• Task prompt
Transcribe every line of the material below without change, apart from dropping the pictures.

• Records provided
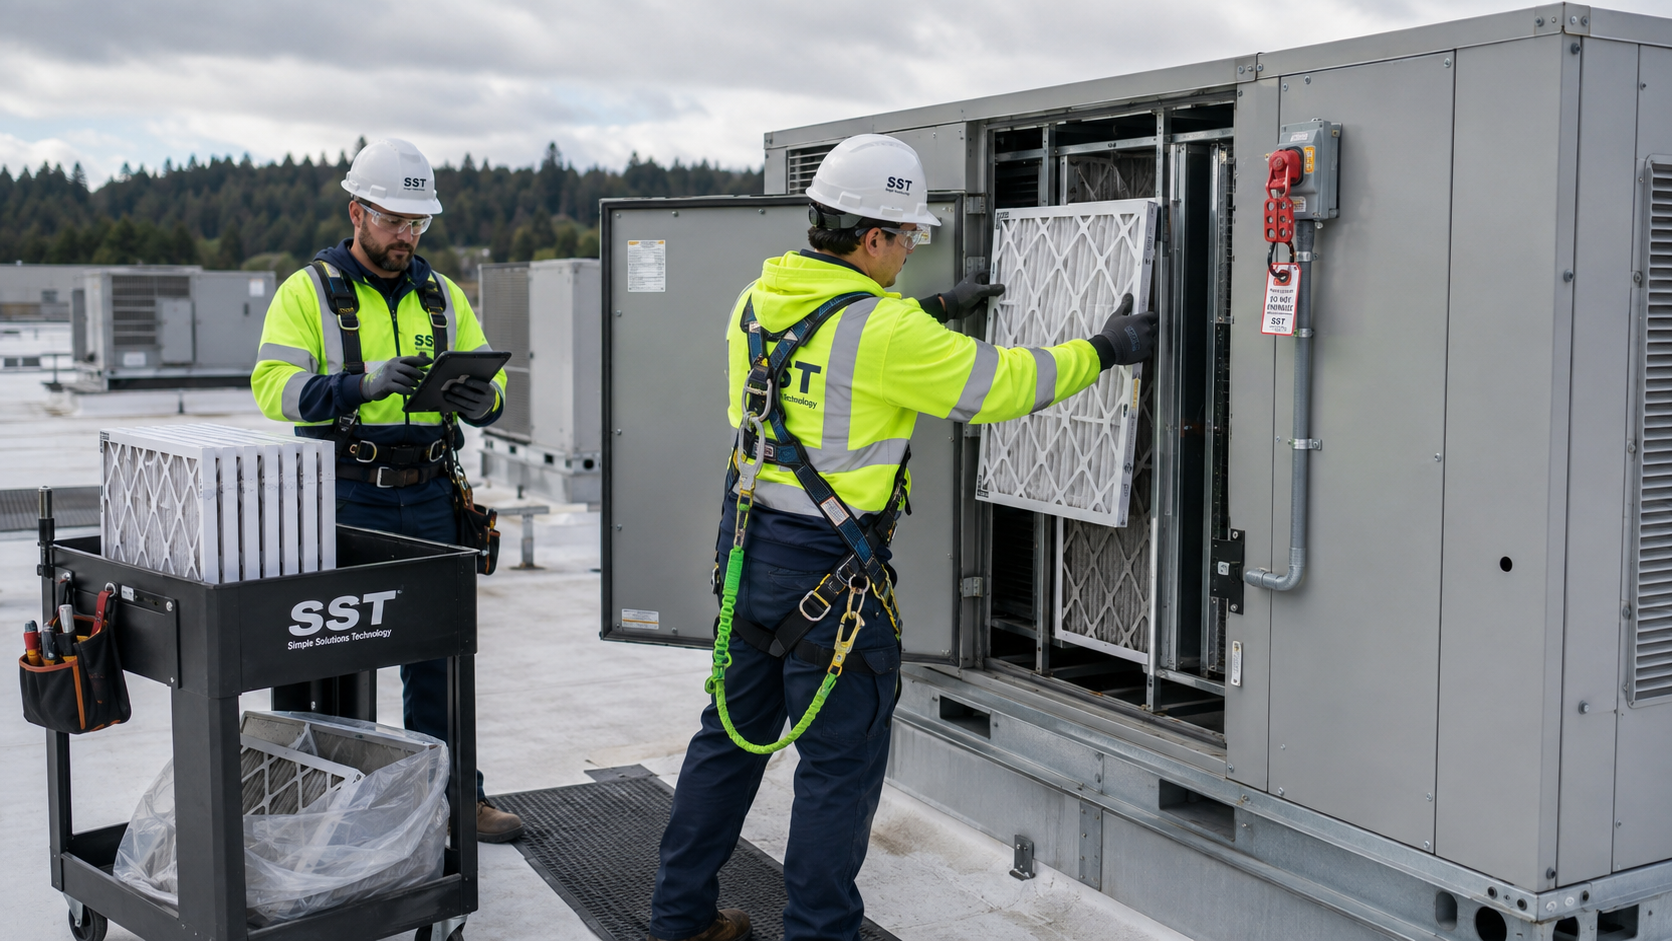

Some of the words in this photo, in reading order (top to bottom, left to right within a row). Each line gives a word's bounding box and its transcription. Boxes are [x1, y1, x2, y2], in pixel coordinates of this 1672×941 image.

[403, 177, 427, 188] SST
[887, 176, 912, 191] SST
[1271, 317, 1285, 325] SST
[414, 334, 434, 347] SS
[780, 360, 822, 394] ST
[288, 590, 397, 636] SST
[287, 640, 313, 650] Simple
[315, 635, 350, 646] Solutions
[351, 629, 392, 641] Technology

• Written answer
Some of the words in this photo, in reading order (top to bottom, left to right within a row). Each line gives a word's bounding box and its transcription. Boxes are [x1, y1, x2, y2], in pixel coordinates of this 1672×941 image.

[403, 177, 427, 188] SST
[887, 176, 912, 191] SST
[1271, 317, 1285, 325] SST
[414, 334, 434, 347] SS
[780, 360, 822, 394] ST
[288, 590, 397, 636] SST
[287, 640, 313, 650] Simple
[315, 635, 350, 646] Solutions
[351, 629, 392, 641] Technology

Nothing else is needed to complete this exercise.